> _Exercise aim_
After reading the listing below, copy it out exactly.

> _Stored data_
***
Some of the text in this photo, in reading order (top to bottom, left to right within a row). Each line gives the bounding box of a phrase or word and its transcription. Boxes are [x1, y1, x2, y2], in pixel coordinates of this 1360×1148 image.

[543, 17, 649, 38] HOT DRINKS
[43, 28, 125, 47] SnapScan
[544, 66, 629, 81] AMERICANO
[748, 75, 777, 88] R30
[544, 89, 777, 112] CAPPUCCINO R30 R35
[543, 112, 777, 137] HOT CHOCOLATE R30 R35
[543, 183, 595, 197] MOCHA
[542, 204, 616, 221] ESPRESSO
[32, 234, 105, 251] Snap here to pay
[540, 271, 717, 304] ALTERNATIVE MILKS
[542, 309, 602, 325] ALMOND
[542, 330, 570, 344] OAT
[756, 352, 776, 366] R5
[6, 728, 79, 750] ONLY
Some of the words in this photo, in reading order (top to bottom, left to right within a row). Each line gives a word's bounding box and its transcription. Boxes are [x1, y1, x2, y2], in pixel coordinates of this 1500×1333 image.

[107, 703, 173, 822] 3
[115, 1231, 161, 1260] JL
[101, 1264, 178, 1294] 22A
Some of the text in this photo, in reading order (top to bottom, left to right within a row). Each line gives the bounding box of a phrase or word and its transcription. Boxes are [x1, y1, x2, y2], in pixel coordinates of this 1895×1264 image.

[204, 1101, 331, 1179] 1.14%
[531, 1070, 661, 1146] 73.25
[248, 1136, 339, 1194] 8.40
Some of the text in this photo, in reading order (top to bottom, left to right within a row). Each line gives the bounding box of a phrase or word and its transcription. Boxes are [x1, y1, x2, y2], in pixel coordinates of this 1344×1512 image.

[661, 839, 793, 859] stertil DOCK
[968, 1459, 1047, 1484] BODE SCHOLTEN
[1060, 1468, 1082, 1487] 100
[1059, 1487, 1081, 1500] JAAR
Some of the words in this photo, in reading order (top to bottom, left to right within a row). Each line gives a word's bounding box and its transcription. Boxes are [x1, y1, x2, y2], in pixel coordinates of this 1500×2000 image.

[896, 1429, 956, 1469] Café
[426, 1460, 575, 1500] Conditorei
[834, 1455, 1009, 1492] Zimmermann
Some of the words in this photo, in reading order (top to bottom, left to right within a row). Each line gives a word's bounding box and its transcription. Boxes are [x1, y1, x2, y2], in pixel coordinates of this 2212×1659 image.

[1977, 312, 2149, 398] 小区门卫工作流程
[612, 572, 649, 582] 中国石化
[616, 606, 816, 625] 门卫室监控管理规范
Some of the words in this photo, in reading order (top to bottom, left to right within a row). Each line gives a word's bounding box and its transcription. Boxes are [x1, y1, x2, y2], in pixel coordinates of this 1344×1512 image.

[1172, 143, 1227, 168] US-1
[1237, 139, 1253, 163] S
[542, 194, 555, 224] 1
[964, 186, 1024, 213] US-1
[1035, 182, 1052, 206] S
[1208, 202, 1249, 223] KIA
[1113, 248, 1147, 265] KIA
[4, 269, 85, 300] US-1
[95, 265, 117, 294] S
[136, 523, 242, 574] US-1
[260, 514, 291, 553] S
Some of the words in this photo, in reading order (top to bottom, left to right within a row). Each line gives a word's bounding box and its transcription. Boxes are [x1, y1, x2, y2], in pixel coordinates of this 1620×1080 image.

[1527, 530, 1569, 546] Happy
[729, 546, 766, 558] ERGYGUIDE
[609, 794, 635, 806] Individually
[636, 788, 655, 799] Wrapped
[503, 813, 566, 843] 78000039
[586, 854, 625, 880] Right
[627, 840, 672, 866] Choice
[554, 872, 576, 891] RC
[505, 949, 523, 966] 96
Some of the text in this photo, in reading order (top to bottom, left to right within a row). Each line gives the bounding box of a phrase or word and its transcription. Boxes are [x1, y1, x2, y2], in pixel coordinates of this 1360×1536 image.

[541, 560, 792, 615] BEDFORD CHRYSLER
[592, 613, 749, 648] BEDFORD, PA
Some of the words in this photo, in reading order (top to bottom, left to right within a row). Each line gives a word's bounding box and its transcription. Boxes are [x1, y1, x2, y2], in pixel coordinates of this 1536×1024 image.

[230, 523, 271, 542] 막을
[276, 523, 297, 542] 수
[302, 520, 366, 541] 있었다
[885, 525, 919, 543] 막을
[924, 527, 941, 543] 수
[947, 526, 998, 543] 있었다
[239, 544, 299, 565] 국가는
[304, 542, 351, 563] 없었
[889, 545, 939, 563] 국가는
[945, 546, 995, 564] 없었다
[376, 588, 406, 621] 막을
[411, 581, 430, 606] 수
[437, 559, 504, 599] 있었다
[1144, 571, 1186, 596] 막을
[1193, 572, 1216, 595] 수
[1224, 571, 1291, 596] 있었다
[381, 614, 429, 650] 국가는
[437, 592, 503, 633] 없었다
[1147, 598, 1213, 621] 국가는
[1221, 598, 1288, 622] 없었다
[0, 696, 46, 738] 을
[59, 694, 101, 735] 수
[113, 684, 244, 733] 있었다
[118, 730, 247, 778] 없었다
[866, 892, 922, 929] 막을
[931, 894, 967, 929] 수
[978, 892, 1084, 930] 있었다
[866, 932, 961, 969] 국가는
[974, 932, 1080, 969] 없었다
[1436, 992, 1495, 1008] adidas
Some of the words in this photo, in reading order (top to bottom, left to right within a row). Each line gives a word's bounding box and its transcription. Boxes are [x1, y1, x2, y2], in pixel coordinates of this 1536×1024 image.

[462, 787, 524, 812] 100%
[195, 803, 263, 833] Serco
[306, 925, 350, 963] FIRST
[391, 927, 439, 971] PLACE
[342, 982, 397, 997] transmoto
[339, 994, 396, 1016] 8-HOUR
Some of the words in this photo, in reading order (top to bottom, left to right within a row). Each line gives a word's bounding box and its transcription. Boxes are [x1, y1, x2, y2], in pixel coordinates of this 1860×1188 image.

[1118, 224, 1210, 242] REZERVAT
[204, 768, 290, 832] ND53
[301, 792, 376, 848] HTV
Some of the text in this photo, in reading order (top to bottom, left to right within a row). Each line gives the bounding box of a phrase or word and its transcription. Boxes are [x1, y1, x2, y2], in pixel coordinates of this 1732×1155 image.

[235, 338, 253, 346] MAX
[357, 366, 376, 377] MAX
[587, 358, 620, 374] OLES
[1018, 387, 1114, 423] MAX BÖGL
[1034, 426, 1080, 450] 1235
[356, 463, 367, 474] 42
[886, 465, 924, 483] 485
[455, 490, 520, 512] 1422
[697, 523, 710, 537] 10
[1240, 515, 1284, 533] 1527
***
> _Task answer_
Some of the text in this photo, in reading order (top to bottom, left to right within a row). Each line gives the bounding box of a phrase or word and its transcription. Boxes are [x1, y1, x2, y2], in pixel coordinates of this 1360×1148 image.

[543, 17, 649, 38] HOT DRINKS
[43, 28, 125, 47] SnapScan
[544, 66, 629, 81] AMERICANO
[748, 75, 777, 88] R30
[544, 89, 777, 112] CAPPUCCINO R30 R35
[543, 112, 777, 137] HOT CHOCOLATE R30 R35
[543, 183, 595, 197] MOCHA
[542, 204, 616, 221] ESPRESSO
[32, 234, 105, 251] Snap here to pay
[540, 271, 717, 304] ALTERNATIVE MILKS
[542, 309, 602, 325] ALMOND
[542, 330, 570, 344] OAT
[756, 352, 776, 366] R5
[6, 728, 79, 750] ONLY
Some of the words in this photo, in reading order (top to bottom, left to right within a row). Each line gives a word's bounding box and its transcription. Boxes are [x1, y1, x2, y2], in pixel coordinates of this 1500×1333 image.

[107, 703, 173, 822] 3
[115, 1231, 161, 1260] JL
[101, 1264, 178, 1294] 22A
Some of the text in this photo, in reading order (top to bottom, left to right within a row). Each line gives the bounding box of a phrase or word and its transcription. Boxes are [x1, y1, x2, y2], in pixel coordinates of this 1895×1264 image.

[204, 1101, 331, 1179] 1.14%
[531, 1070, 661, 1146] 73.25
[248, 1136, 339, 1194] 8.40
Some of the text in this photo, in reading order (top to bottom, left to right within a row). Each line gives the bounding box of a phrase or word and its transcription. Boxes are [x1, y1, x2, y2], in pixel coordinates of this 1344×1512 image.

[661, 839, 793, 859] stertil DOCK
[968, 1459, 1047, 1484] BODE SCHOLTEN
[1060, 1468, 1082, 1487] 100
[1059, 1487, 1081, 1500] JAAR
Some of the words in this photo, in reading order (top to bottom, left to right within a row). Each line gives a word's bounding box and its transcription. Boxes are [x1, y1, x2, y2], in pixel coordinates of this 1500×2000 image.

[896, 1429, 956, 1469] Café
[426, 1460, 575, 1500] Conditorei
[834, 1455, 1009, 1492] Zimmermann
Some of the words in this photo, in reading order (top to bottom, left to right within a row). Each line gives a word's bounding box and its transcription. Boxes are [x1, y1, x2, y2], in pixel coordinates of this 2212×1659 image.

[1977, 312, 2149, 398] 小区门卫工作流程
[612, 572, 649, 582] 中国石化
[616, 606, 816, 625] 门卫室监控管理规范
Some of the words in this photo, in reading order (top to bottom, left to right within a row). Each line gives a word's bounding box and its transcription. Boxes are [x1, y1, x2, y2], in pixel coordinates of this 1344×1512 image.

[1172, 143, 1227, 168] US-1
[1237, 139, 1253, 163] S
[542, 194, 555, 224] 1
[964, 186, 1024, 213] US-1
[1035, 182, 1052, 206] S
[1208, 202, 1249, 223] KIA
[1113, 248, 1147, 265] KIA
[4, 269, 85, 300] US-1
[95, 265, 117, 294] S
[136, 523, 242, 574] US-1
[260, 514, 291, 553] S
Some of the words in this photo, in reading order (top to bottom, left to right within a row). Each line gives a word's bounding box and its transcription. Boxes are [x1, y1, x2, y2], in pixel coordinates of this 1620×1080 image.

[1527, 530, 1569, 546] Happy
[729, 546, 766, 558] ERGYGUIDE
[609, 794, 635, 806] Individually
[636, 788, 655, 799] Wrapped
[503, 813, 566, 843] 78000039
[586, 854, 625, 880] Right
[627, 840, 672, 866] Choice
[554, 872, 576, 891] RC
[505, 949, 523, 966] 96
Some of the text in this photo, in reading order (top to bottom, left to right within a row). Each line gives the bounding box of a phrase or word and its transcription. Boxes are [x1, y1, x2, y2], in pixel coordinates of this 1360×1536 image.

[541, 560, 792, 615] BEDFORD CHRYSLER
[592, 613, 749, 648] BEDFORD, PA
Some of the words in this photo, in reading order (top to bottom, left to right within a row). Each line gives a word's bounding box and its transcription. Boxes are [x1, y1, x2, y2], in pixel coordinates of this 1536×1024 image.

[230, 523, 271, 542] 막을
[276, 523, 297, 542] 수
[302, 520, 366, 541] 있었다
[885, 525, 919, 543] 막을
[924, 527, 941, 543] 수
[947, 526, 998, 543] 있었다
[239, 544, 299, 565] 국가는
[304, 542, 351, 563] 없었
[889, 545, 939, 563] 국가는
[945, 546, 995, 564] 없었다
[376, 588, 406, 621] 막을
[411, 581, 430, 606] 수
[437, 559, 504, 599] 있었다
[1144, 571, 1186, 596] 막을
[1193, 572, 1216, 595] 수
[1224, 571, 1291, 596] 있었다
[381, 614, 429, 650] 국가는
[437, 592, 503, 633] 없었다
[1147, 598, 1213, 621] 국가는
[1221, 598, 1288, 622] 없었다
[0, 696, 46, 738] 을
[59, 694, 101, 735] 수
[113, 684, 244, 733] 있었다
[118, 730, 247, 778] 없었다
[866, 892, 922, 929] 막을
[931, 894, 967, 929] 수
[978, 892, 1084, 930] 있었다
[866, 932, 961, 969] 국가는
[974, 932, 1080, 969] 없었다
[1436, 992, 1495, 1008] adidas
Some of the words in this photo, in reading order (top to bottom, left to right within a row). Each line gives a word's bounding box and its transcription. Boxes are [x1, y1, x2, y2], in pixel coordinates of this 1536×1024 image.

[462, 787, 524, 812] 100%
[195, 803, 263, 833] Serco
[306, 925, 350, 963] FIRST
[391, 927, 439, 971] PLACE
[342, 982, 397, 997] transmoto
[339, 994, 396, 1016] 8-HOUR
Some of the words in this photo, in reading order (top to bottom, left to right within a row). Each line gives a word's bounding box and its transcription. Boxes are [x1, y1, x2, y2], in pixel coordinates of this 1860×1188 image.

[1118, 224, 1210, 242] REZERVAT
[204, 768, 290, 832] ND53
[301, 792, 376, 848] HTV
Some of the text in this photo, in reading order (top to bottom, left to right within a row). Each line gives the bounding box of a phrase or word and its transcription. Boxes are [x1, y1, x2, y2], in pixel coordinates of this 1732×1155 image.

[235, 338, 253, 346] MAX
[357, 366, 376, 377] MAX
[587, 358, 620, 374] OLES
[1018, 387, 1114, 423] MAX BÖGL
[1034, 426, 1080, 450] 1235
[356, 463, 367, 474] 42
[886, 465, 924, 483] 485
[455, 490, 520, 512] 1422
[697, 523, 710, 537] 10
[1240, 515, 1284, 533] 1527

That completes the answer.